YOUR ASSIGNMENT
Please copy every record below exactly, leaving out the pictures.

ENTRIES PROVIDED
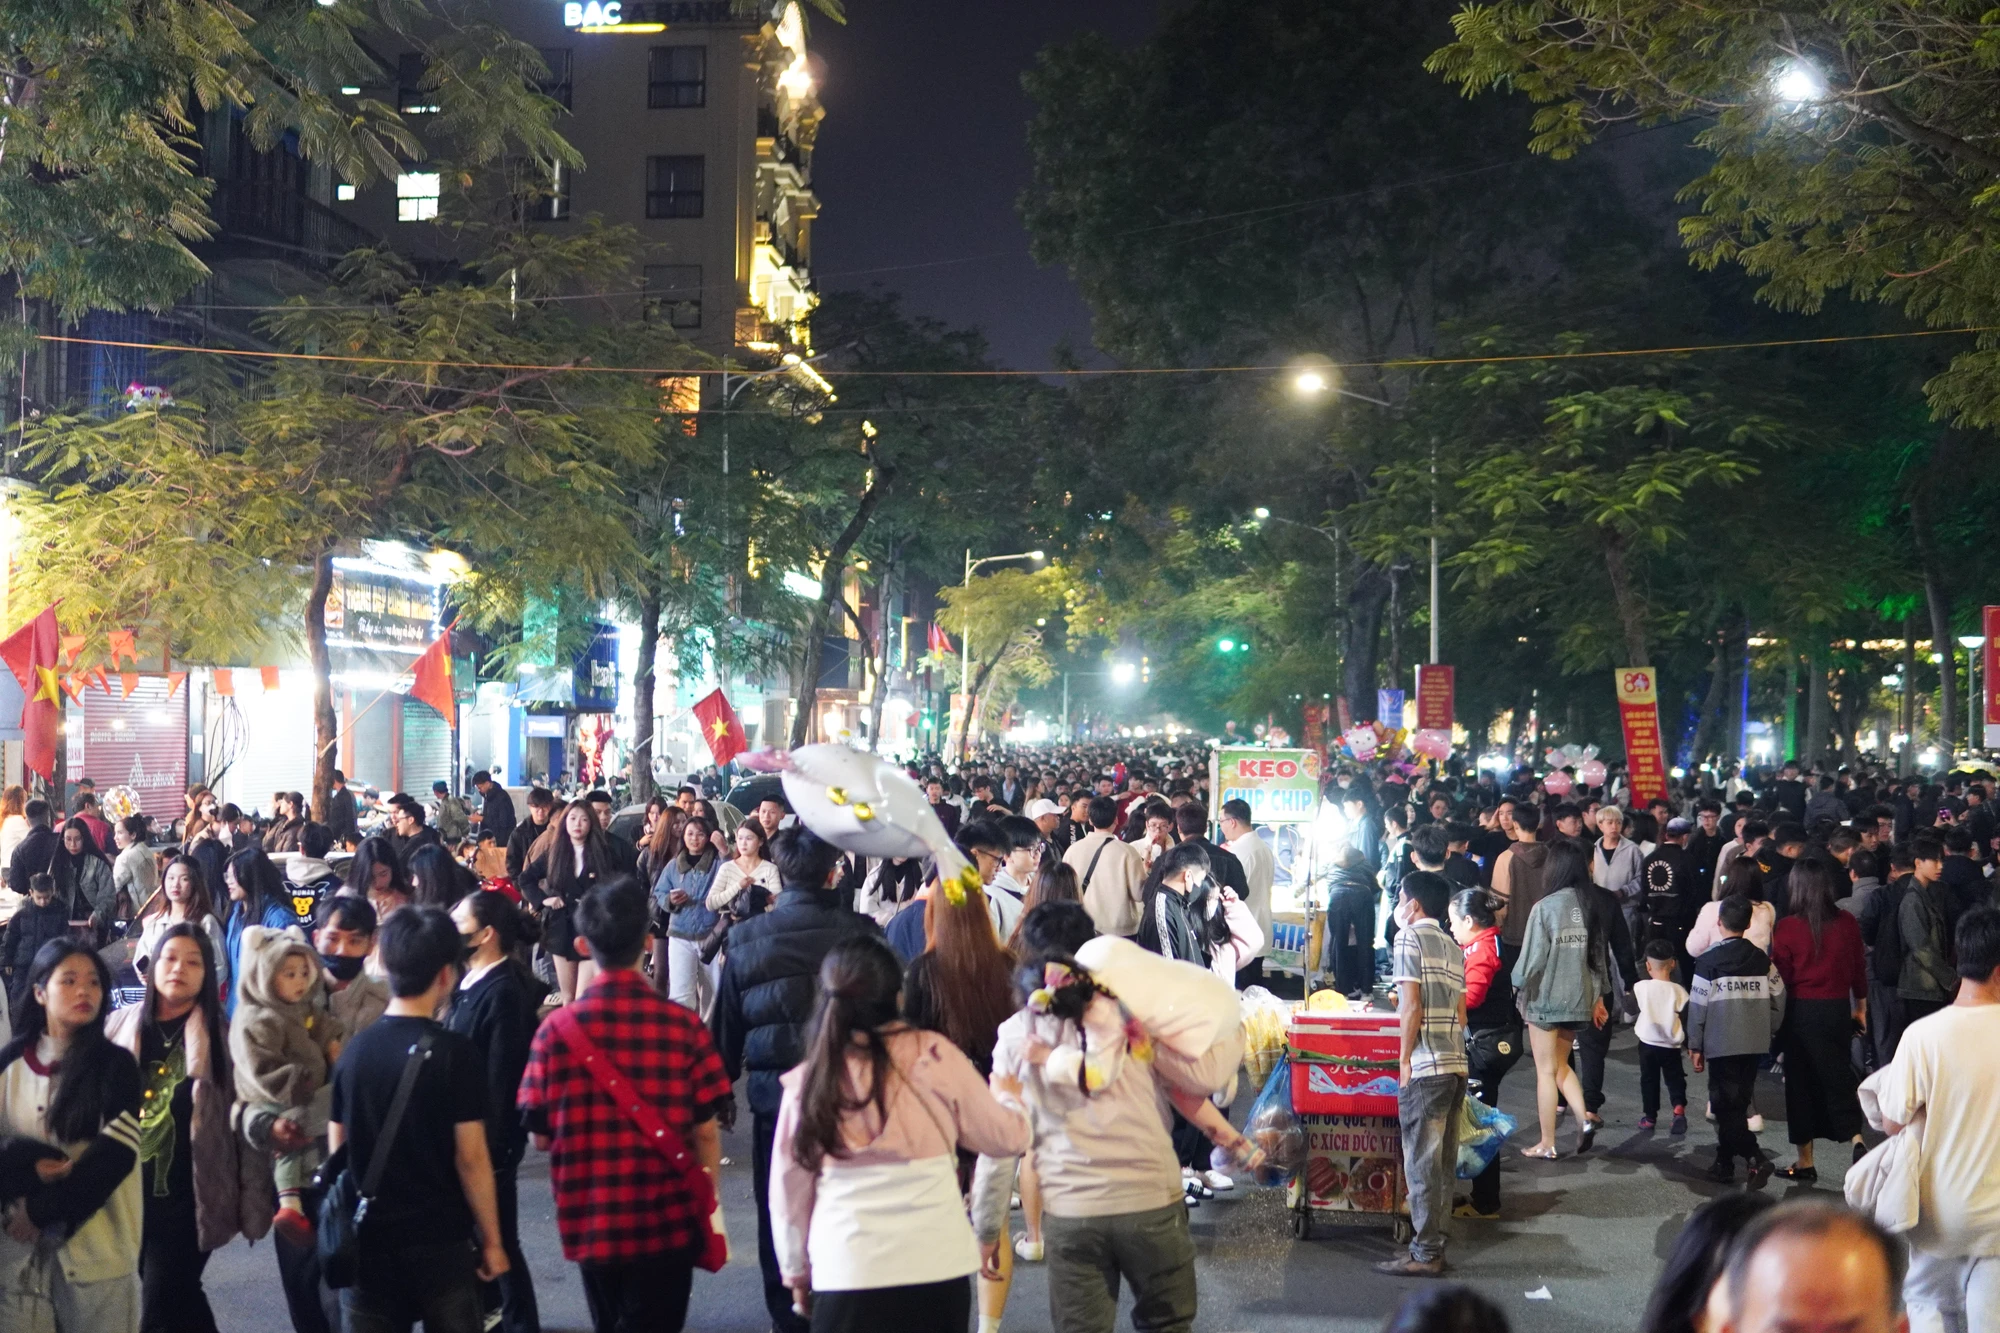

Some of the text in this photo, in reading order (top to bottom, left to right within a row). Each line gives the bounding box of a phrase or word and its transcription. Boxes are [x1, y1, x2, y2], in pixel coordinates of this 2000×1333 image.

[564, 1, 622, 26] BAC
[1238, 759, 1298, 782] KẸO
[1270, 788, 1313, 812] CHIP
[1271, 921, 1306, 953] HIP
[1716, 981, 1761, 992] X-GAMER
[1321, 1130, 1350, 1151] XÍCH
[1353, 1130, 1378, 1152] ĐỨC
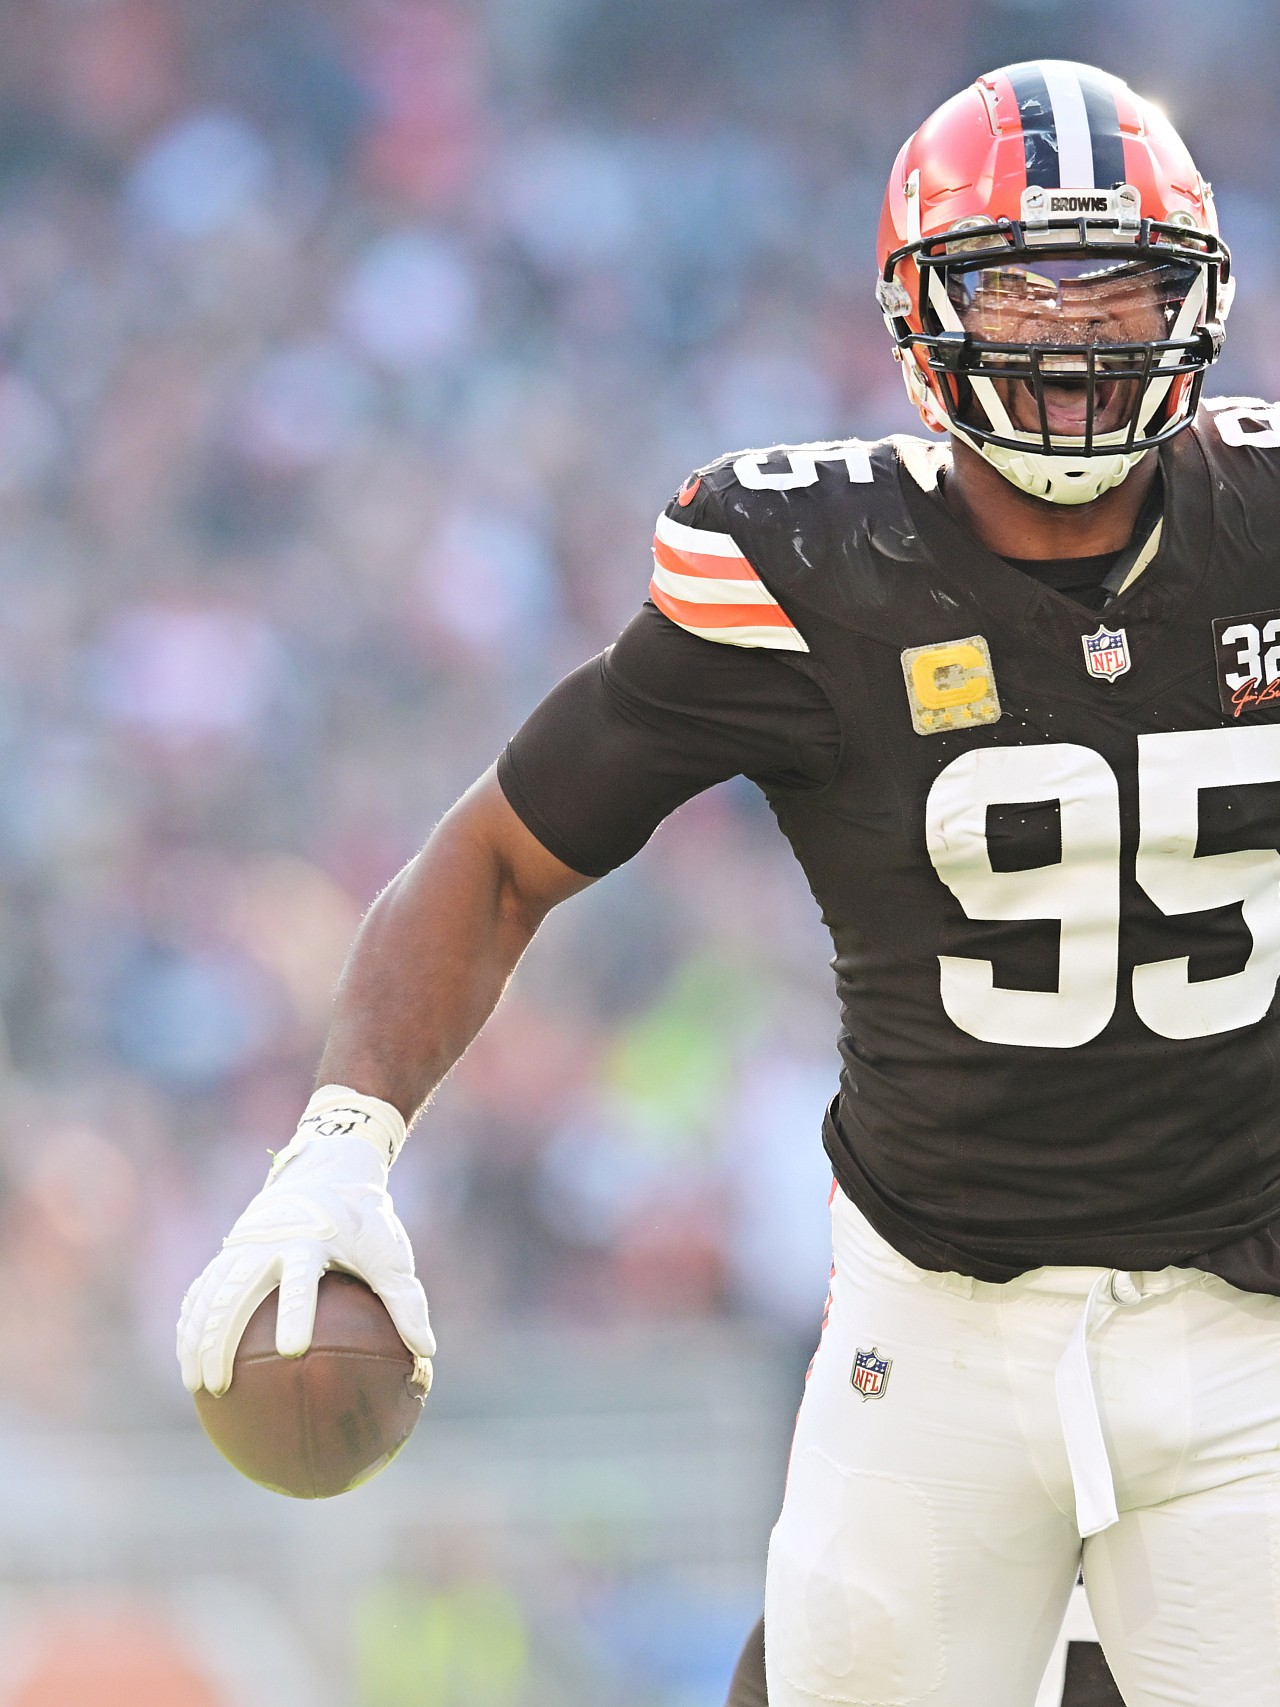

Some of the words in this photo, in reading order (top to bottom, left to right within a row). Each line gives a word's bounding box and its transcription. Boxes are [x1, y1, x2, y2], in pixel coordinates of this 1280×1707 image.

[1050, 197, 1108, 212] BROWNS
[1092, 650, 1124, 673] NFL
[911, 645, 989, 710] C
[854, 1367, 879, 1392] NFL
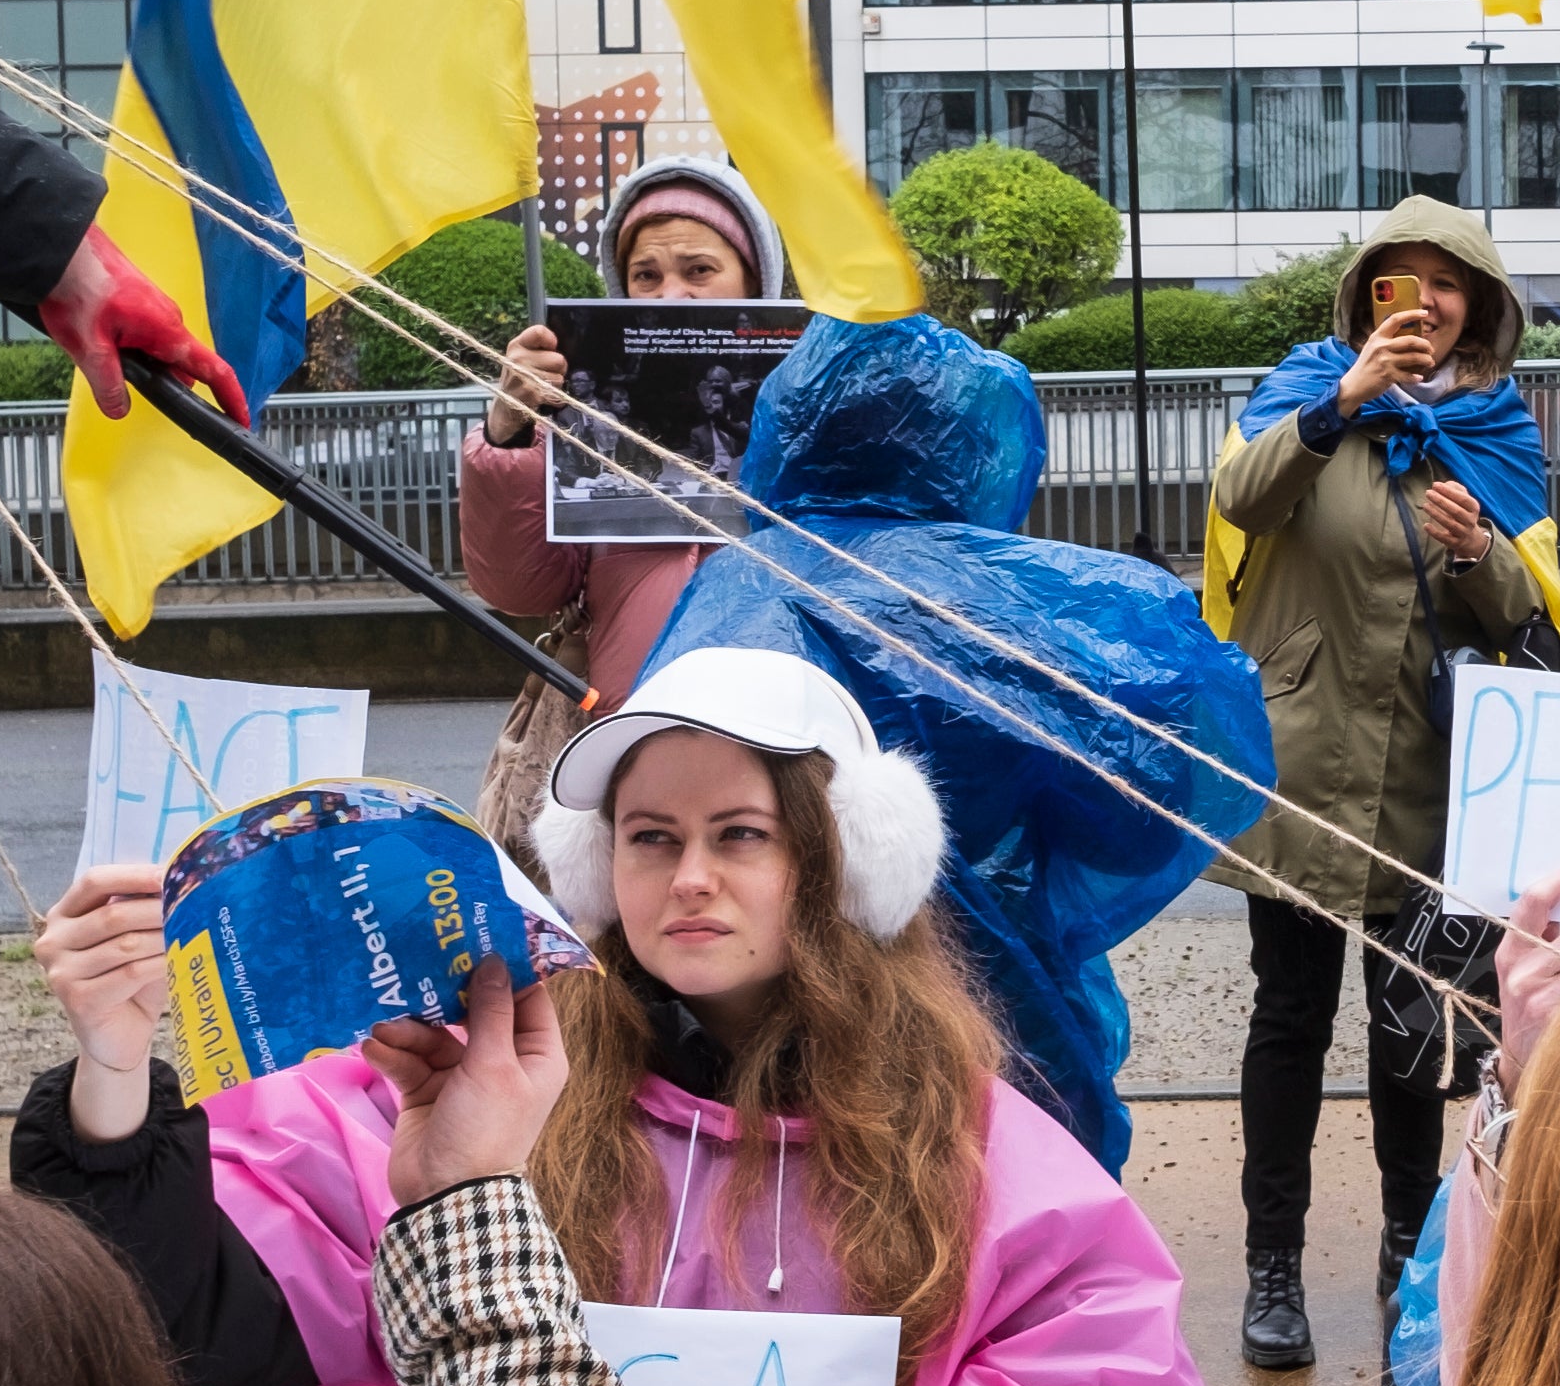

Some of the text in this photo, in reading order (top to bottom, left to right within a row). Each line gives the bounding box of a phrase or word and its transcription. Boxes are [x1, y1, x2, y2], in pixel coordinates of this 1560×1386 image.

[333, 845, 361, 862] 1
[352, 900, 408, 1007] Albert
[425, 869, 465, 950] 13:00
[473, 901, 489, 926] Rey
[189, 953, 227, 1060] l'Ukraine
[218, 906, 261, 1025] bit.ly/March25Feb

ANSWER FOR THIS EXERCISE
Some of the text in this photo, in reading order (top to bottom, left to right within a row). Each line gives the bounding box of a phrase or word and its transcription. Boxes are [x1, y1, x2, y2], in pixel coordinates of this 2000×1333 image.

[564, 1, 622, 26] BAC
[1238, 759, 1298, 782] KẸO
[1270, 788, 1313, 812] CHIP
[1271, 921, 1306, 953] HIP
[1716, 981, 1761, 992] X-GAMER
[1321, 1130, 1350, 1151] XÍCH
[1353, 1130, 1378, 1152] ĐỨC

Some of the words in this photo, in reading order (top to bottom, left to right within a row). Each line gives a word's bounding box and its transcription. Boxes are [x1, y1, x2, y2], in pixel coordinates of this 1280×1707 image.

[1050, 197, 1108, 212] BROWNS
[1092, 650, 1124, 673] NFL
[911, 645, 989, 710] C
[854, 1367, 879, 1392] NFL

Some of the text in this photo, in reading order (top to bottom, left to right within a row). Each line gives the bounding box of a phrase or word and its transcription. Boxes are [x1, y1, x2, y2], in pixel coordinates of this 1560×1386 image.

[333, 845, 361, 862] 1
[352, 900, 408, 1007] Albert
[425, 869, 465, 950] 13:00
[473, 901, 489, 926] Rey
[189, 953, 227, 1060] l'Ukraine
[218, 906, 261, 1025] bit.ly/March25Feb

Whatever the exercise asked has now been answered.